INPUT DATA
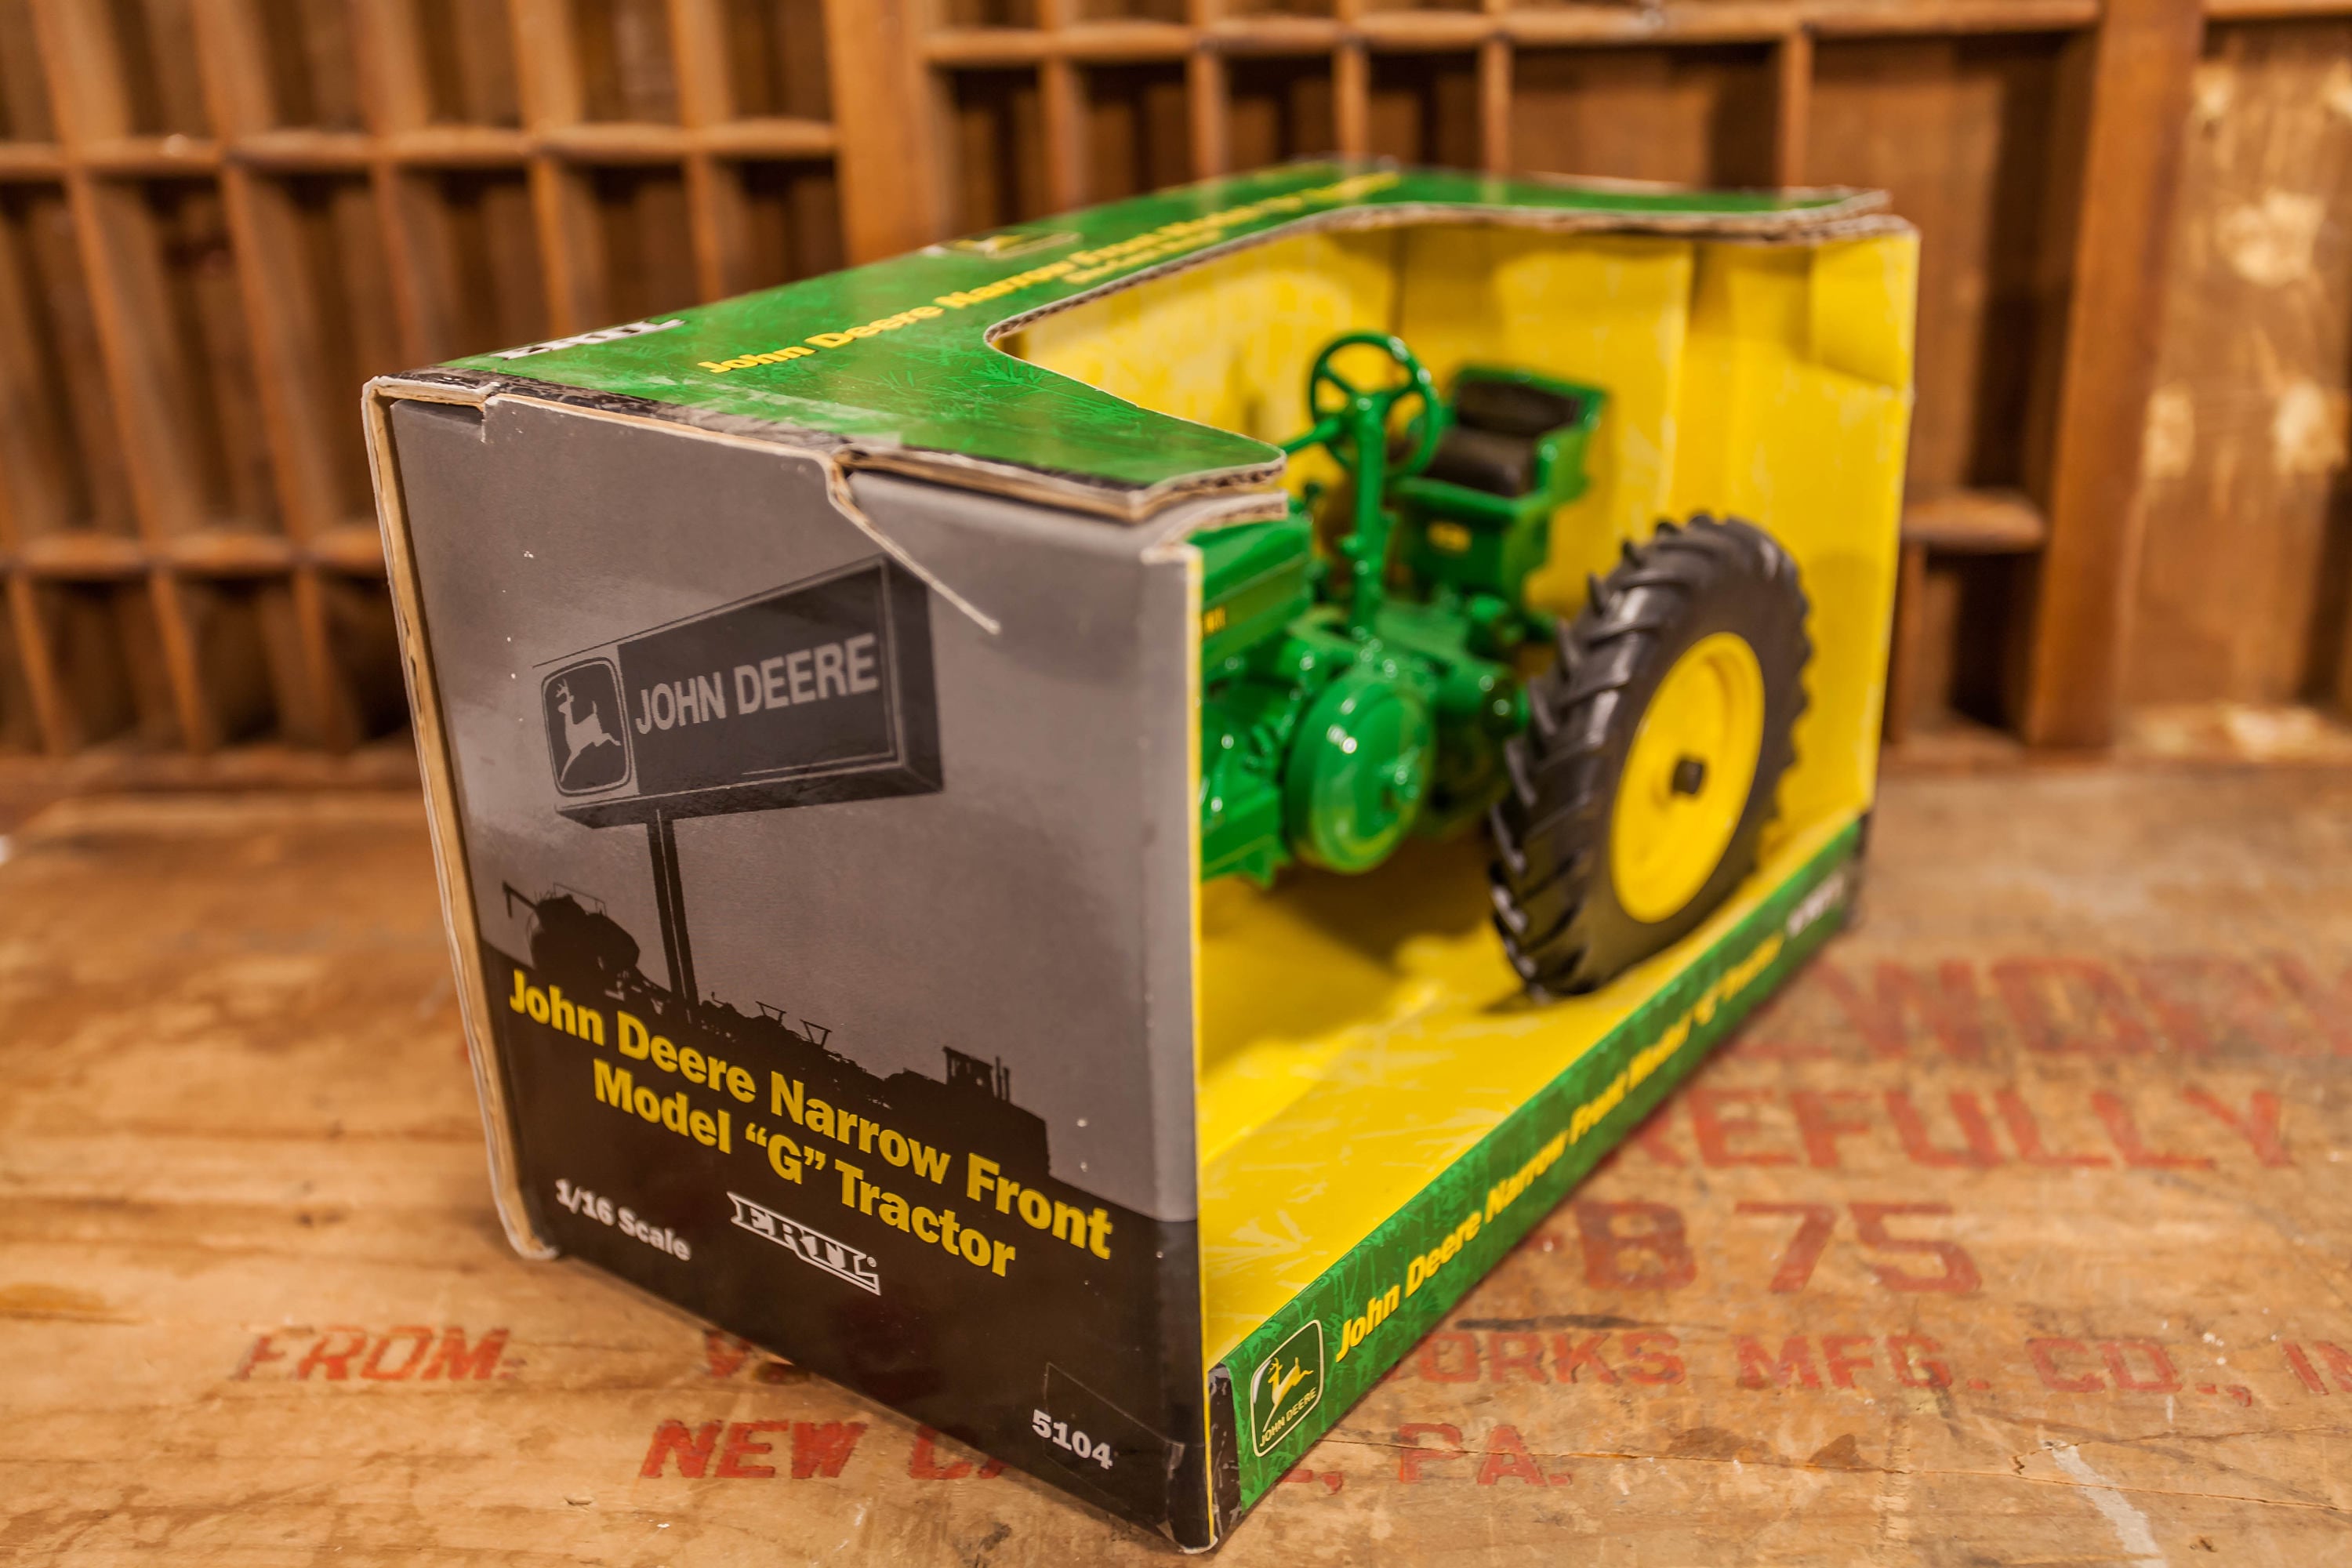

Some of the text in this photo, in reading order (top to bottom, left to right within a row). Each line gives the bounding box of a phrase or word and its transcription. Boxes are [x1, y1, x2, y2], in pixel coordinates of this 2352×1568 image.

[698, 345, 818, 373] John
[805, 306, 944, 348] Deere
[635, 633, 880, 735] JOHN DEERE
[510, 968, 1113, 1261] John Deere Narrow Front
[593, 1058, 732, 1155] Model
[834, 1159, 1016, 1278] Tractor
[555, 1178, 691, 1261] 1/16 Scale
[1734, 1201, 1983, 1294] 75
[1336, 1283, 1400, 1363] John
[1406, 1210, 1483, 1298] Deere
[1399, 1331, 1687, 1385] ORKS
[641, 1418, 868, 1480] NEW
[1032, 1408, 1113, 1470] 5104
[1260, 1387, 1317, 1447] JOHN DEERE
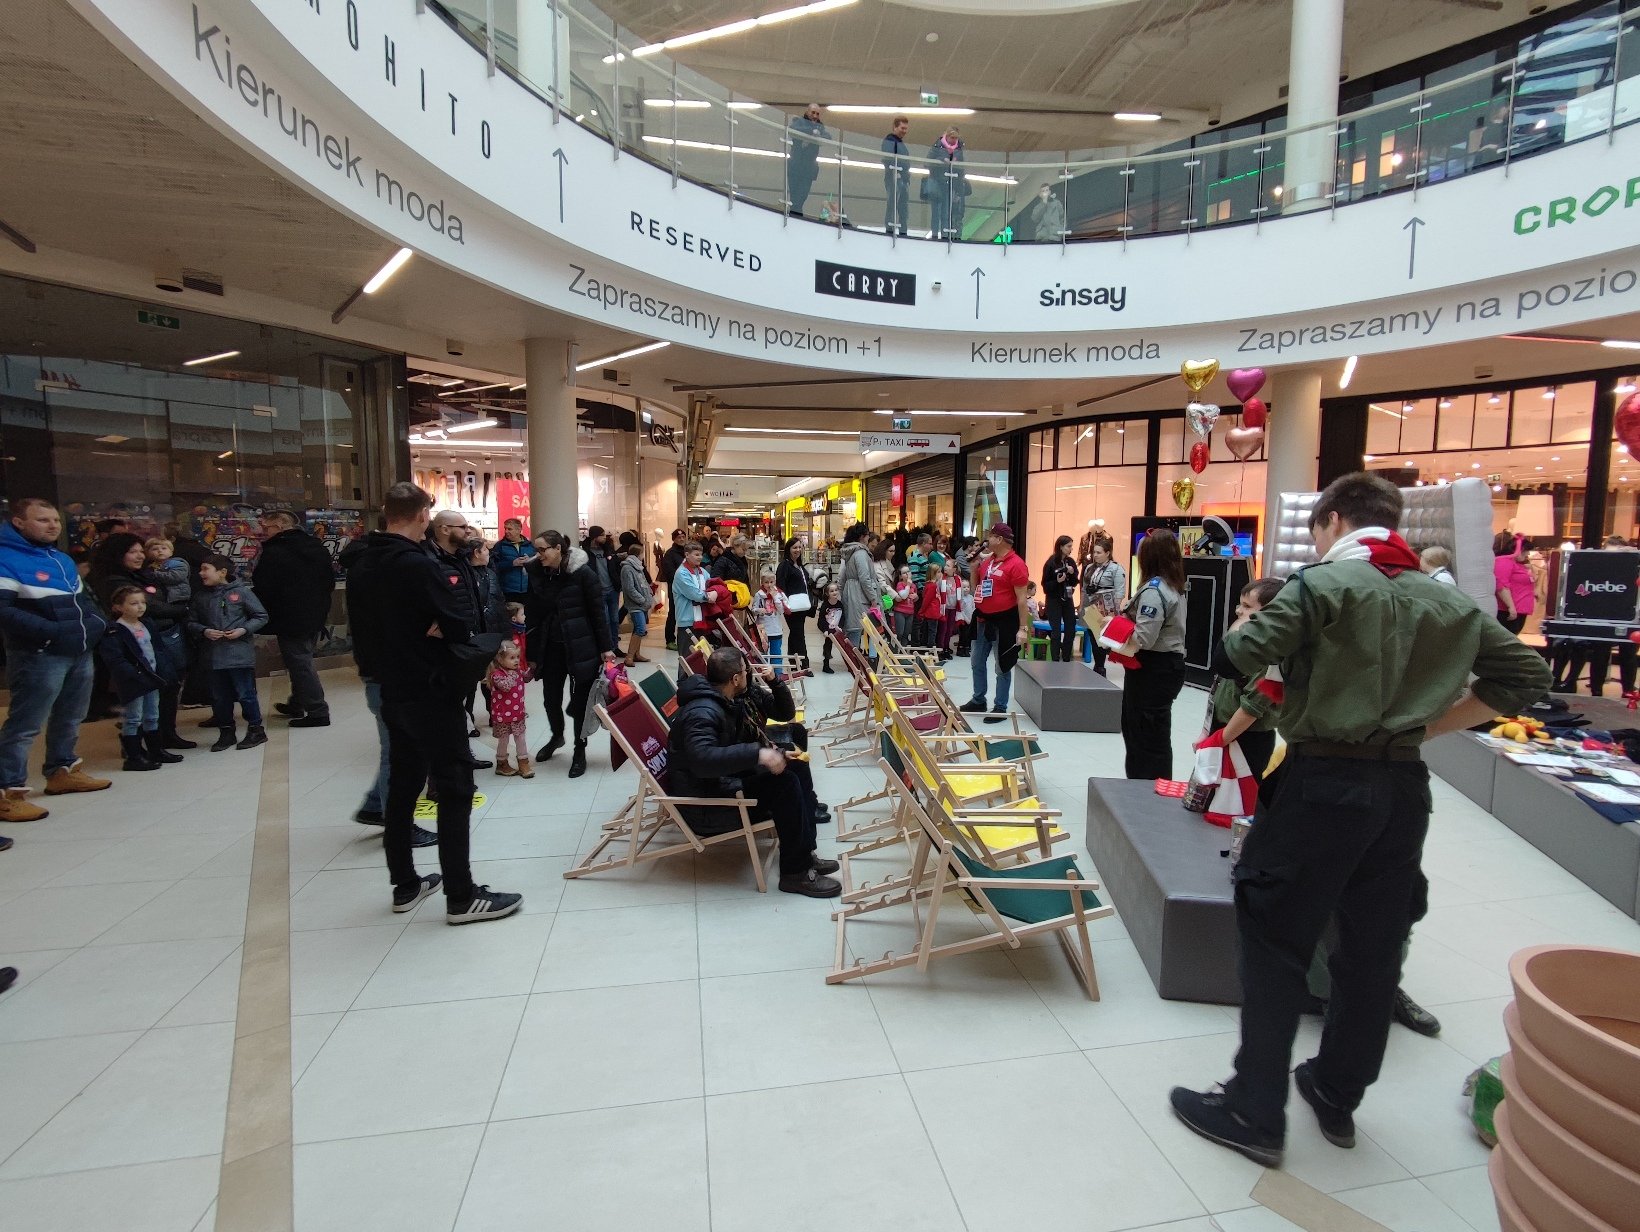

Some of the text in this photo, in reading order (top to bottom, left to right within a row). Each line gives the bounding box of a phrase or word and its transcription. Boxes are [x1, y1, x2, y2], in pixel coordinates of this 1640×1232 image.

[192, 3, 466, 246] Kierunek moda
[1513, 176, 1640, 236] CROP
[630, 211, 763, 272] RESERVED
[832, 269, 900, 299] CARRY
[1039, 282, 1127, 312] sinsay
[567, 264, 882, 358] Zapraszamy na poziom +1
[1237, 266, 1638, 353] Zapraszamy na pozio
[970, 338, 1161, 364] Kierunek moda
[884, 438, 904, 447] TAXI
[1585, 580, 1627, 593] hebe
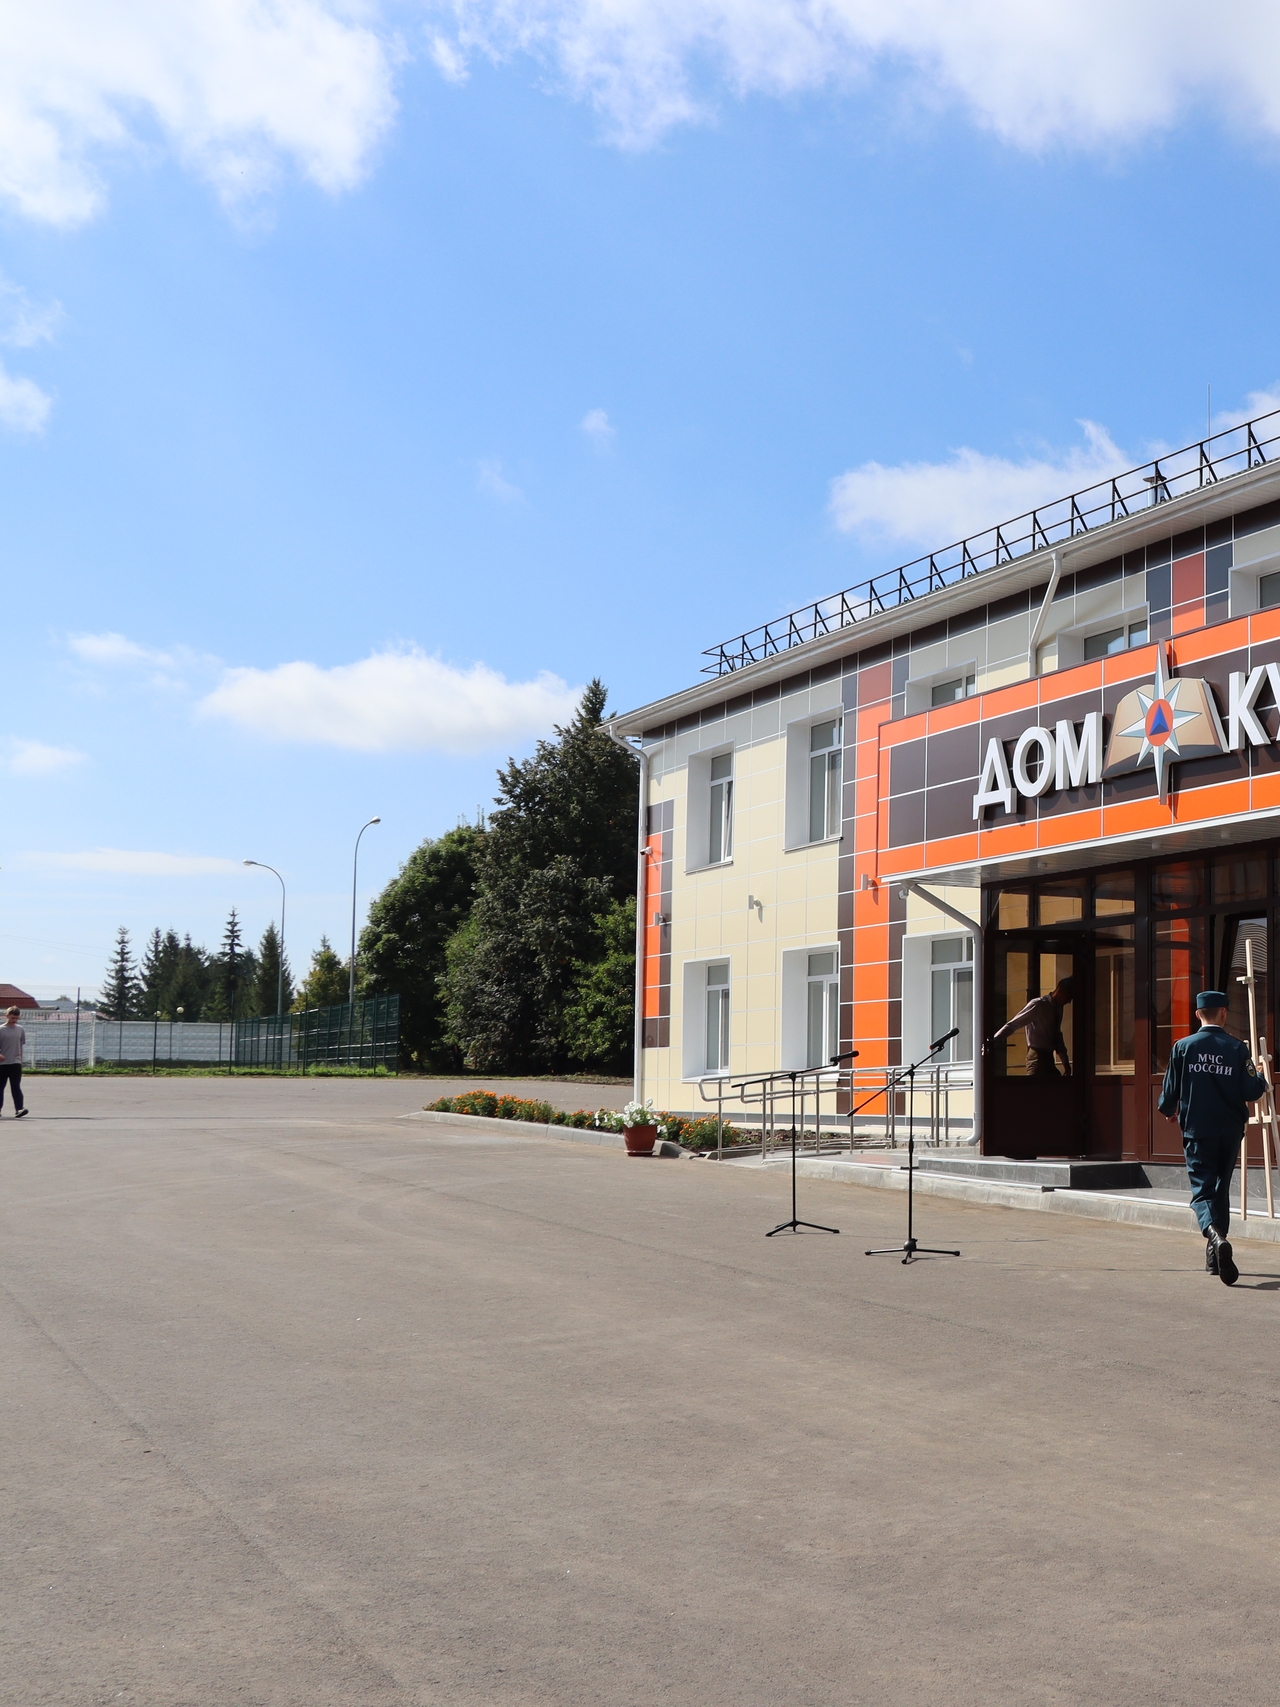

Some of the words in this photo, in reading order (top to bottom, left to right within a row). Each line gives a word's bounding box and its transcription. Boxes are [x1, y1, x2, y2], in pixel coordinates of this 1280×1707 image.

EXERCISE DETAILS
The material above is to be repeated word for word, with no images kept.

WORKED SOLUTION
Some of the text in this photo, in reading order (top to bottom, left to right within a row). Each line gives the bounding box of a phrase or word and its transcription. Boxes are [x1, y1, x2, y2], in pixel coordinates of this 2352×1568 image.

[698, 345, 818, 373] John
[805, 306, 944, 348] Deere
[635, 633, 880, 735] JOHN DEERE
[510, 968, 1113, 1261] John Deere Narrow Front
[593, 1058, 732, 1155] Model
[834, 1159, 1016, 1278] Tractor
[555, 1178, 691, 1261] 1/16 Scale
[1734, 1201, 1983, 1294] 75
[1336, 1283, 1400, 1363] John
[1406, 1210, 1483, 1298] Deere
[1399, 1331, 1687, 1385] ORKS
[641, 1418, 868, 1480] NEW
[1032, 1408, 1113, 1470] 5104
[1260, 1387, 1317, 1447] JOHN DEERE

Some of the text in this photo, in reading order (top to bottom, left to right within a row). Each line gives the bounding box of a phrase or word and its transcription. Boxes are [x1, y1, x2, y2], in pixel coordinates of this 1640×1232 image.

[192, 3, 466, 246] Kierunek moda
[1513, 176, 1640, 236] CROP
[630, 211, 763, 272] RESERVED
[832, 269, 900, 299] CARRY
[1039, 282, 1127, 312] sinsay
[567, 264, 882, 358] Zapraszamy na poziom +1
[1237, 266, 1638, 353] Zapraszamy na pozio
[970, 338, 1161, 364] Kierunek moda
[884, 438, 904, 447] TAXI
[1585, 580, 1627, 593] hebe

Some of the words in this photo, in reading order (top to bottom, left to right within a row). Each line gives a word's bounding box and its transcription. Boxes are [x1, y1, x2, y2], in pixel coordinates of this 1280×1707 image.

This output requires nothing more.